-------- Entries shown --------
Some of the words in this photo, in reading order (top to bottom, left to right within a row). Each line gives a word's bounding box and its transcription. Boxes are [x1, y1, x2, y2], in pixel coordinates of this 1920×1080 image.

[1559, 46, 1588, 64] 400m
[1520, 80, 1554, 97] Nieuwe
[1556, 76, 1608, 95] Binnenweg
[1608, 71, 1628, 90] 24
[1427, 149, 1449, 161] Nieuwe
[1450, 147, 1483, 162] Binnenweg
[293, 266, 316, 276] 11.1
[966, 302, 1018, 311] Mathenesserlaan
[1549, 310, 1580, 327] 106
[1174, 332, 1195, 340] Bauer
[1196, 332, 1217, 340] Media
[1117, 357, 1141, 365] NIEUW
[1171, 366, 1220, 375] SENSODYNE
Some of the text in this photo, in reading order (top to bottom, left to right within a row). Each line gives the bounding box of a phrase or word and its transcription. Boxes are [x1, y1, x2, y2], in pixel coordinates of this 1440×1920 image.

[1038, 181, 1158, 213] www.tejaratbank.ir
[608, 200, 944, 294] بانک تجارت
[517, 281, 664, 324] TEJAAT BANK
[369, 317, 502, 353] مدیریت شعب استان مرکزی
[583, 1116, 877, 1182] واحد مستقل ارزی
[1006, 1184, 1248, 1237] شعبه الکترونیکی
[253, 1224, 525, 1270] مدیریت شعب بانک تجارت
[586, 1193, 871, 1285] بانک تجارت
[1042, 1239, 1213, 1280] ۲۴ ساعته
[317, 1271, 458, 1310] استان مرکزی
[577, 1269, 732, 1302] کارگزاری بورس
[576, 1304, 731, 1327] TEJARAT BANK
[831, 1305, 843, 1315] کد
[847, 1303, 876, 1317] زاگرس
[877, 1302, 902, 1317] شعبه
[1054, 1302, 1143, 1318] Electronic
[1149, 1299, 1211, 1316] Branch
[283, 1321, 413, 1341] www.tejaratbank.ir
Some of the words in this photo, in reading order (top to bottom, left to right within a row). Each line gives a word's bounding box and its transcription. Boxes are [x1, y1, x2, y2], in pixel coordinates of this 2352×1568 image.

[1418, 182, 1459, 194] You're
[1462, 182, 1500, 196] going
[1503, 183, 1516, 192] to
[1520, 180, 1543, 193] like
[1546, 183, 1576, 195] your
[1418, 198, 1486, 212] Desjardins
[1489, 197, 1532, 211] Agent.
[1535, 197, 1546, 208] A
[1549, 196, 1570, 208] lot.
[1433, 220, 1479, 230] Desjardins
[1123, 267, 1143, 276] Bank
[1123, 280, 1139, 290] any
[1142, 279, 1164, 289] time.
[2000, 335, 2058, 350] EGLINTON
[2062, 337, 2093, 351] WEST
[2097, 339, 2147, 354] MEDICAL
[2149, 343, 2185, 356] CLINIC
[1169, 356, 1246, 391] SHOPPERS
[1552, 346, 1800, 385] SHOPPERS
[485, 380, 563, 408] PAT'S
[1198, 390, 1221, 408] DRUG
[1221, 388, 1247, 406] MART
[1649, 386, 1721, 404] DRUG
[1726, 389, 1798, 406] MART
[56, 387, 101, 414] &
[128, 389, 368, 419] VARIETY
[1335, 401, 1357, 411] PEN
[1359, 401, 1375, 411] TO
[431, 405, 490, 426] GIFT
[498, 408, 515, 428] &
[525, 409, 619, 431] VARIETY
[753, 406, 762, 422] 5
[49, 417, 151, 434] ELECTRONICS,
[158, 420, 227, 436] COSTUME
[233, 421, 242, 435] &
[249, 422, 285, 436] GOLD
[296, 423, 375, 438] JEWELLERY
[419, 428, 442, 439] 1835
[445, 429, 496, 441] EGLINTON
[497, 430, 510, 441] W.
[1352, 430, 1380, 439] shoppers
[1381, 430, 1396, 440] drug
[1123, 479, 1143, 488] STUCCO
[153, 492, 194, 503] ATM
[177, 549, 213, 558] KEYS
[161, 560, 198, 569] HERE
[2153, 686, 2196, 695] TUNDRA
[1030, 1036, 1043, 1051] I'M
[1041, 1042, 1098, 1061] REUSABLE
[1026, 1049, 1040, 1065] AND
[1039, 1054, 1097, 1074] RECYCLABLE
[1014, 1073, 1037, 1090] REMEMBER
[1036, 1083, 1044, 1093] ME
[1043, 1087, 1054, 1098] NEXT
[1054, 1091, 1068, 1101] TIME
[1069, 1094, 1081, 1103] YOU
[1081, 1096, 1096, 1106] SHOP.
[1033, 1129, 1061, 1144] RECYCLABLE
--------
The records above are to be repeated in full, word for word.

Some of the words in this photo, in reading order (top to bottom, left to right within a row). Each line gives a word's bounding box and its transcription. Boxes are [x1, y1, x2, y2], in pixel coordinates of this 1920×1080 image.

[1559, 46, 1588, 64] 400m
[1520, 80, 1554, 97] Nieuwe
[1556, 76, 1608, 95] Binnenweg
[1608, 71, 1628, 90] 24
[1427, 149, 1449, 161] Nieuwe
[1450, 147, 1483, 162] Binnenweg
[293, 266, 316, 276] 11.1
[966, 302, 1018, 311] Mathenesserlaan
[1549, 310, 1580, 327] 106
[1174, 332, 1195, 340] Bauer
[1196, 332, 1217, 340] Media
[1117, 357, 1141, 365] NIEUW
[1171, 366, 1220, 375] SENSODYNE
Some of the text in this photo, in reading order (top to bottom, left to right within a row). Each line gives the bounding box of a phrase or word and its transcription. Boxes are [x1, y1, x2, y2], in pixel coordinates of this 1440×1920 image.

[1038, 181, 1158, 213] www.tejaratbank.ir
[608, 200, 944, 294] بانک تجارت
[517, 281, 664, 324] TEJAAT BANK
[369, 317, 502, 353] مدیریت شعب استان مرکزی
[583, 1116, 877, 1182] واحد مستقل ارزی
[1006, 1184, 1248, 1237] شعبه الکترونیکی
[253, 1224, 525, 1270] مدیریت شعب بانک تجارت
[586, 1193, 871, 1285] بانک تجارت
[1042, 1239, 1213, 1280] ۲۴ ساعته
[317, 1271, 458, 1310] استان مرکزی
[577, 1269, 732, 1302] کارگزاری بورس
[576, 1304, 731, 1327] TEJARAT BANK
[831, 1305, 843, 1315] کد
[847, 1303, 876, 1317] زاگرس
[877, 1302, 902, 1317] شعبه
[1054, 1302, 1143, 1318] Electronic
[1149, 1299, 1211, 1316] Branch
[283, 1321, 413, 1341] www.tejaratbank.ir
Some of the words in this photo, in reading order (top to bottom, left to right within a row). Each line gives a word's bounding box and its transcription. Boxes are [x1, y1, x2, y2], in pixel coordinates of this 2352×1568 image.

[1418, 182, 1459, 194] You're
[1462, 182, 1500, 196] going
[1503, 183, 1516, 192] to
[1520, 180, 1543, 193] like
[1546, 183, 1576, 195] your
[1418, 198, 1486, 212] Desjardins
[1489, 197, 1532, 211] Agent.
[1535, 197, 1546, 208] A
[1549, 196, 1570, 208] lot.
[1433, 220, 1479, 230] Desjardins
[1123, 267, 1143, 276] Bank
[1123, 280, 1139, 290] any
[1142, 279, 1164, 289] time.
[2000, 335, 2058, 350] EGLINTON
[2062, 337, 2093, 351] WEST
[2097, 339, 2147, 354] MEDICAL
[2149, 343, 2185, 356] CLINIC
[1169, 356, 1246, 391] SHOPPERS
[1552, 346, 1800, 385] SHOPPERS
[485, 380, 563, 408] PAT'S
[1198, 390, 1221, 408] DRUG
[1221, 388, 1247, 406] MART
[1649, 386, 1721, 404] DRUG
[1726, 389, 1798, 406] MART
[56, 387, 101, 414] &
[128, 389, 368, 419] VARIETY
[1335, 401, 1357, 411] PEN
[1359, 401, 1375, 411] TO
[431, 405, 490, 426] GIFT
[498, 408, 515, 428] &
[525, 409, 619, 431] VARIETY
[753, 406, 762, 422] 5
[49, 417, 151, 434] ELECTRONICS,
[158, 420, 227, 436] COSTUME
[233, 421, 242, 435] &
[249, 422, 285, 436] GOLD
[296, 423, 375, 438] JEWELLERY
[419, 428, 442, 439] 1835
[445, 429, 496, 441] EGLINTON
[497, 430, 510, 441] W.
[1352, 430, 1380, 439] shoppers
[1381, 430, 1396, 440] drug
[1123, 479, 1143, 488] STUCCO
[153, 492, 194, 503] ATM
[177, 549, 213, 558] KEYS
[161, 560, 198, 569] HERE
[2153, 686, 2196, 695] TUNDRA
[1030, 1036, 1043, 1051] I'M
[1041, 1042, 1098, 1061] REUSABLE
[1026, 1049, 1040, 1065] AND
[1039, 1054, 1097, 1074] RECYCLABLE
[1014, 1073, 1037, 1090] REMEMBER
[1036, 1083, 1044, 1093] ME
[1043, 1087, 1054, 1098] NEXT
[1054, 1091, 1068, 1101] TIME
[1069, 1094, 1081, 1103] YOU
[1081, 1096, 1096, 1106] SHOP.
[1033, 1129, 1061, 1144] RECYCLABLE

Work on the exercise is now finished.